Spanish diplomat, lawyer and writer

Enrique Criado Navamuel (born 1981 in Madrid, Spain), is a Spanish diplomat, lawyer and writer. He is the current Consul General of Spain in Frankfurt am Main. Author of two travel literature books and co-author of another two. “El balcón del Führer” is his first novel..

He is a member of the Spanish national team of writers “La Cervantina” since its establishment in 2022.

== Education ==
He studied Law at Universidad Complutense de Madrid, and the University of Vienna. He is a member of the Bar Association of Madrid.
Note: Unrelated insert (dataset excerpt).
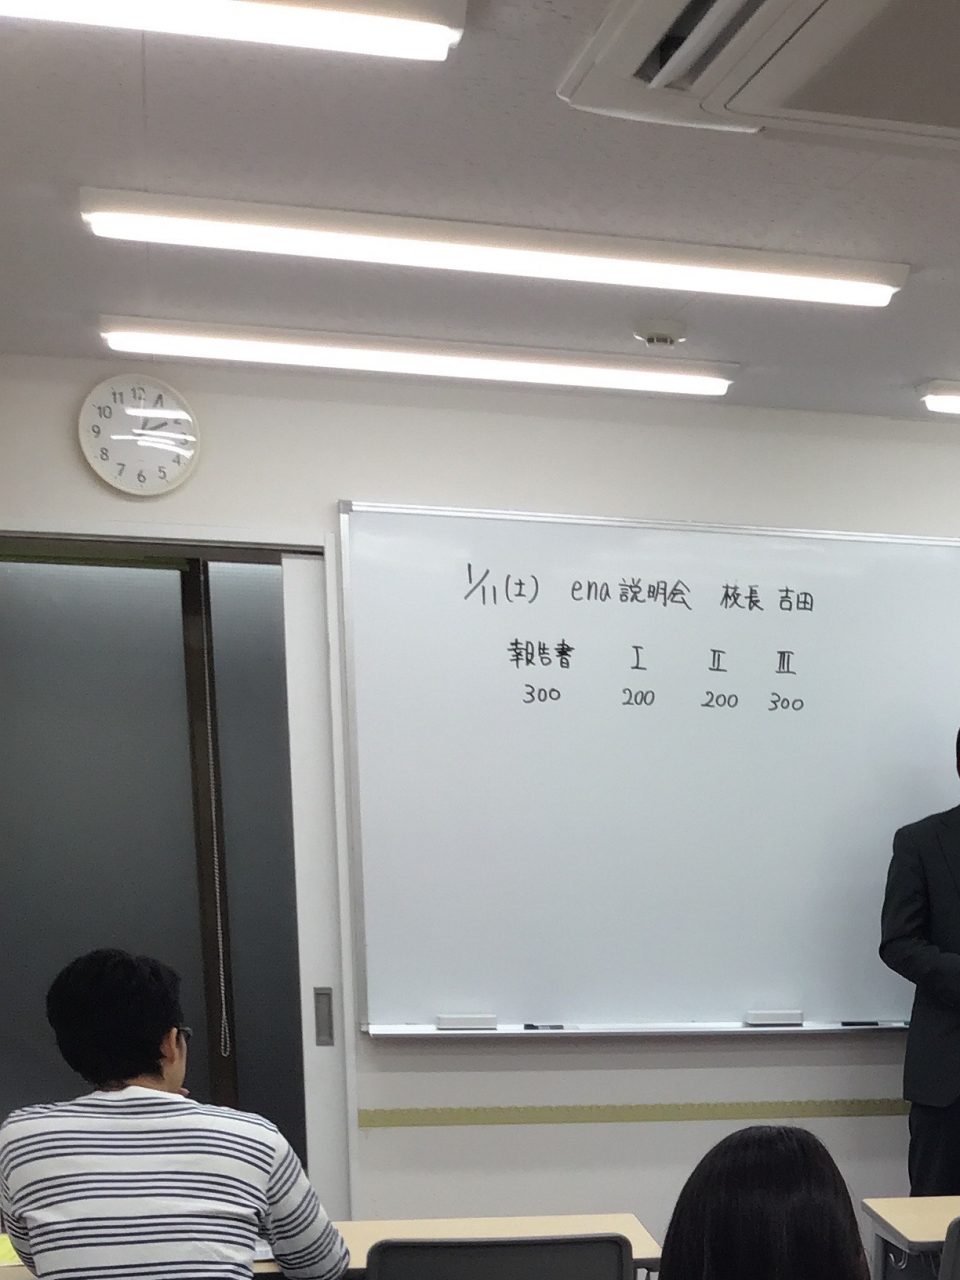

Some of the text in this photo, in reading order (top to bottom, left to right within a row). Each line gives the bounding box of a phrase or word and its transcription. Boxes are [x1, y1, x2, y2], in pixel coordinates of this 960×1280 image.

In 2007, he joined the Spanish Foreign Service as a career diplomat.

== Diplomatic career ==
After some brief periods working in the Spanish Embassies of La Habana (Cuba), and London (UK), he was posted as Deputy Head of Mission at the Embassy of Spain in Kinshasa (Republic of the Congo) for three years. Between 2012 and 2015, he worked as Counsellor at the Embassy of Spain in Canberra (Australia), during 2015 until 2018, as Deputy Head of Mission at the Embassy of Spain in Sofia (Bulgaria). Additionally, in the period between 2018 and 2021 he coordinated the Geopolitical Analysis Area of the Spanish Ministry of Defence.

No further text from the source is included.